As for an LSN0 based partition table I don't recall a thing that makes
use of anything past offset $6F, so there is no reason we couldn't
implement that 5 bytes at a time in this unused space, for a partition
table, 3 for offset, 2 for size exactly as laid out in the first $20
bytes of lsn0 now. One could allocate one more byte per partition for
the cluster size, thereby eliminating the nominally 131 megabyte limit
per partition so added.
It could be done, using a mount command that looked up the proper offset
from that table, and installed it in just one descriptor, maybe 2 if you
wanted to do a partition to partition copy without using the base
partition as a scratchpad buffer. That would certainly save some system
ram by getting rid of those data tables in memory, at IIRC, $27 bytes a
path descriptor in the boot file. That would require this new mount
command needing 2 arguments, the descriptor to modify, and the partition
to set it to.
Regardless of how its done, present way, or by looking it up in LSN0, we
have an ability to do partitioning just by taking advantage of what we
have right now.
The problem? It's differing individual setups because no 2 of us have
identical drive setups. Except for a vanishingly slim chance at the
fests, we'll never have identical setups on adjacent tables.

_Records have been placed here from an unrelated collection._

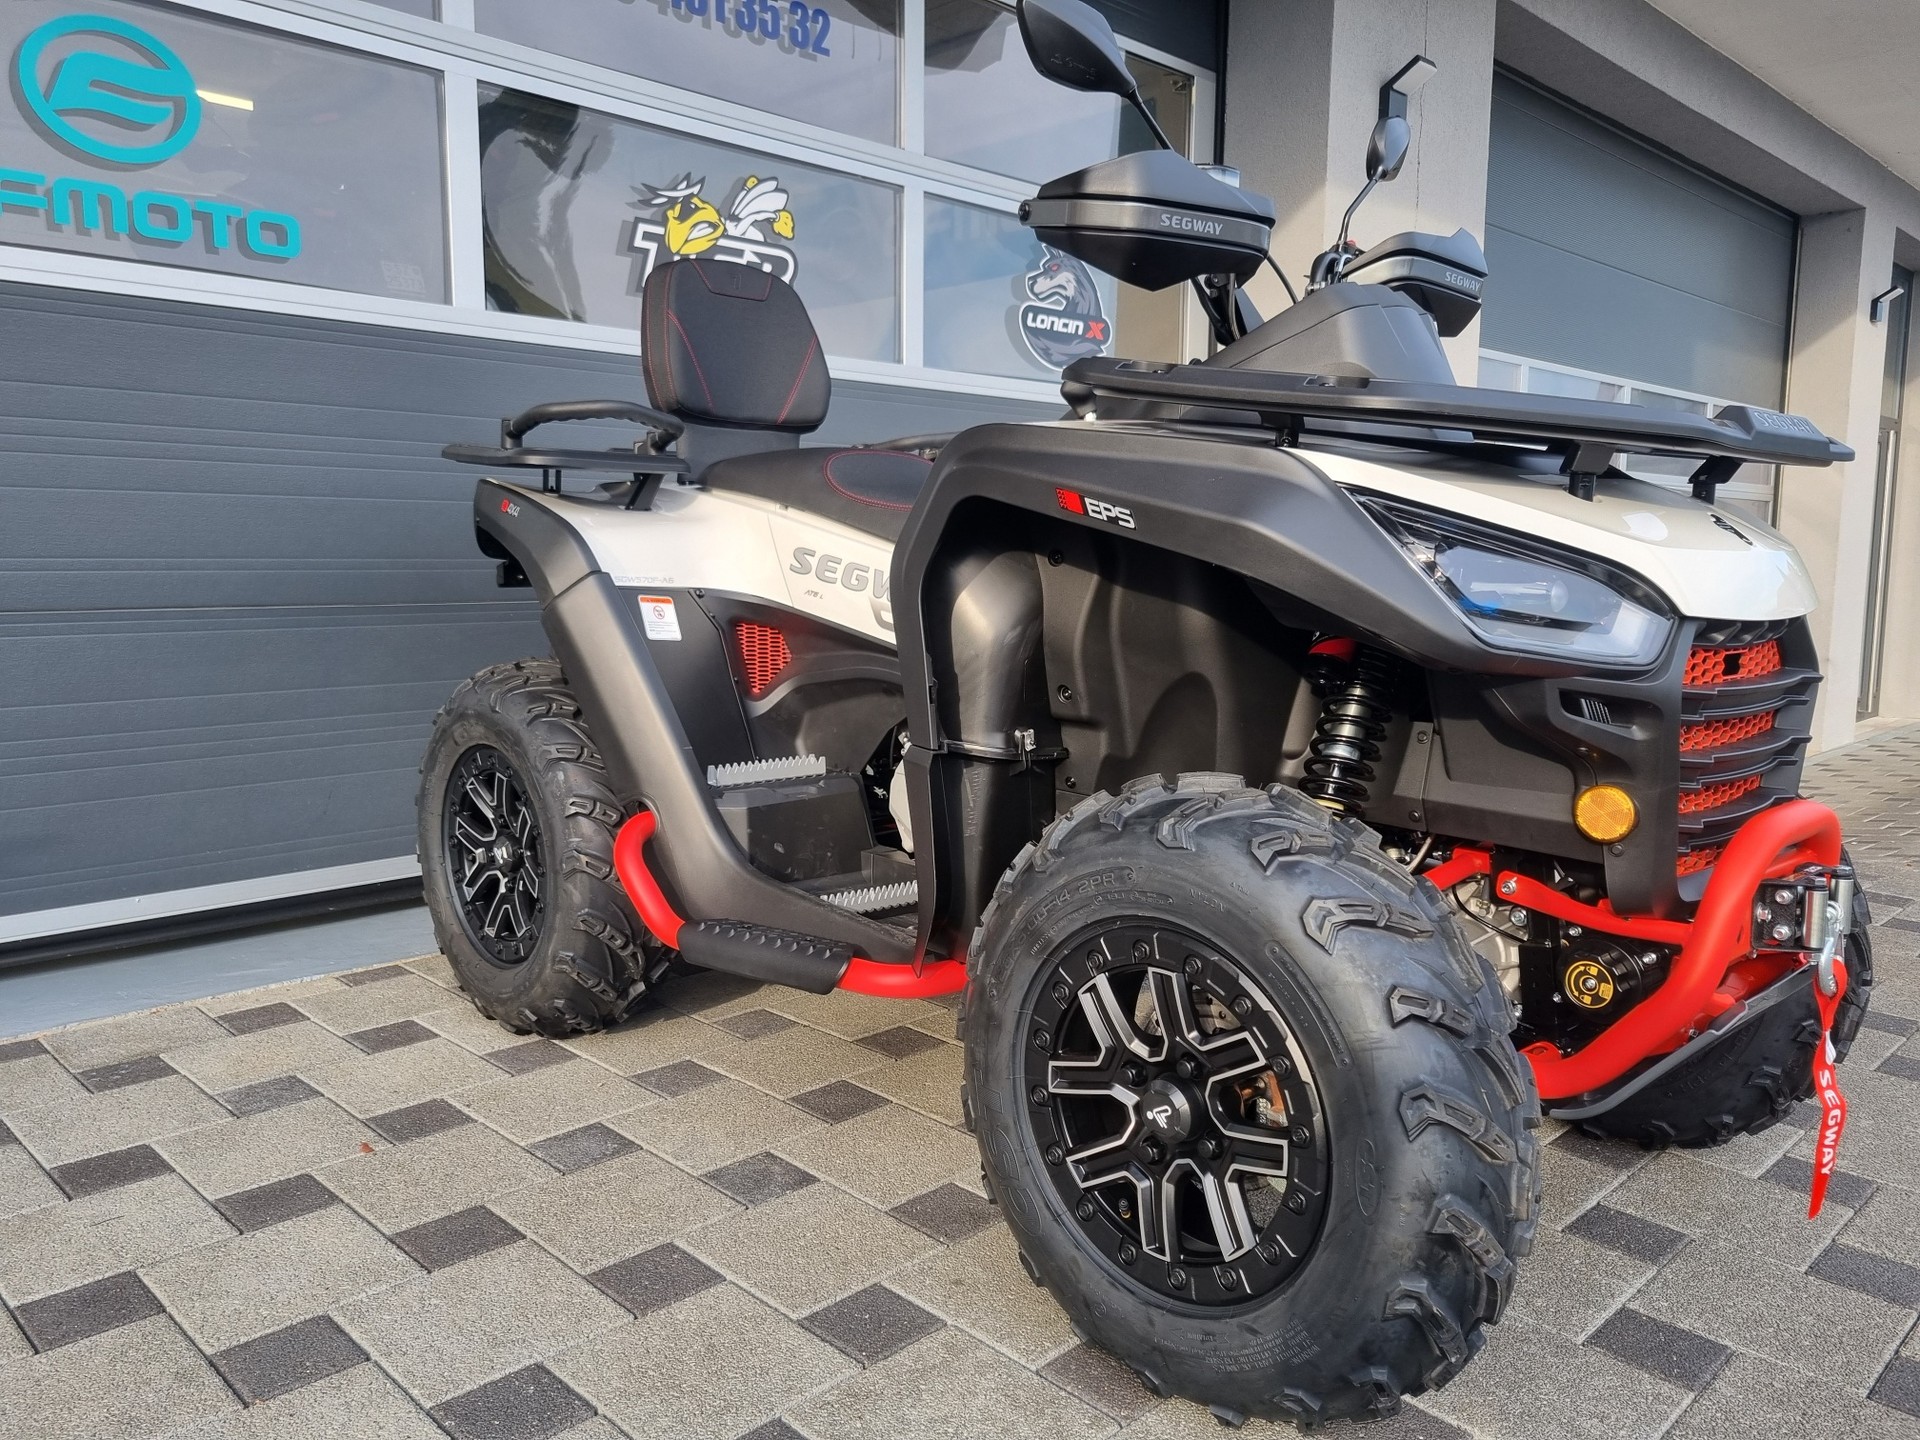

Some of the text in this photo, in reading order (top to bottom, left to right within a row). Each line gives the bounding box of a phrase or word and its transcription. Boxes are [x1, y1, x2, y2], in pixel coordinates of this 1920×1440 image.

[735, 0, 781, 40] 35
[789, 1, 831, 57] 32
[1160, 213, 1223, 235] SEGWAY
[1445, 271, 1481, 291] SEGWAY
[1026, 312, 1105, 340] LONCIN X
[1753, 410, 1815, 434] SEGWAY
[1084, 497, 1135, 529] EPS
[1078, 872, 1116, 894] 2PR
[1820, 1070, 1842, 1174] SEGWAY

But drivewire removes that limitation by putting the differences in the
descriptor being accessed.
I would investigate, for purposes of moving stuff around at the fests,
the probability of setting up a central drivewire server, and with a 10
meter usb extension cable such as I use, so my drivewire setup is
actually a usb-2 circuit, and if DW can make use of 2 different ports, I
don't know that it can, one could publish his latest whiz-bang package
to everyone in the room in 45 minutes of carrying the cable from machine
to machine. If DW could be convinced to sit there and wait for the cable
to be plugged into the next machine without a complicated kill and
restart as the cable was moved to the next machine, that would be cut to
15 minutes.
Or, if DW will run on the debian jessie installed on an r-pi3, and mount
the r-pi on a 6 volt jel-cell, it could be carried from table to table
and short cables used, negating the need for that $40 10 meter extension
cable, just a good usb to coco drivewire cable 4 or 5 feet long.
Drivewire works just fine over usb in the middle of its cabling useing
a /dev/ttyUSB# port on this linux box. My long cable is plugged into a
usb port, on a hub this box drives, the far end of that cable is plugged
into a 7 port hub on the coco3's desk, and a usb to drivewire cable is
plugged into that 7 port.
The coco3's printer can also be plugged into this same hub, and has been
up until we had the basement work late done last spring. But since that
printers other main job is keeping the LinuxCNC configuration listings
on my machines up to date, I moved it up to here so I don't have to
coerce these ancient legs down and back up a flight of stairs to get a
fresh printout. That has been quite handy, and when I bring my coco3
back to life, I may just go get another of these brother $110 black and
white laser printers and put it on the top shelf of the coco3's desk
where this one lived for several years. It will be just another printer
to cups in the localhost:631/printers display. And the coco is pleased
either way as its a 19 page a minute printer, and the typeface can be
any font loaded. To me, the default is such an improvement in
readability compared to an old DMP thats its beautyfull.
Whats not to like?
Its called making use of the resources we already have in the nitros9
world. I hope this "sermon" is helpfull. ;-)
Cheers, Gene Heskett
--
"There are four boxes to be used in defense of liberty:
soap, ballot, jury, and ammo. Please use in that order."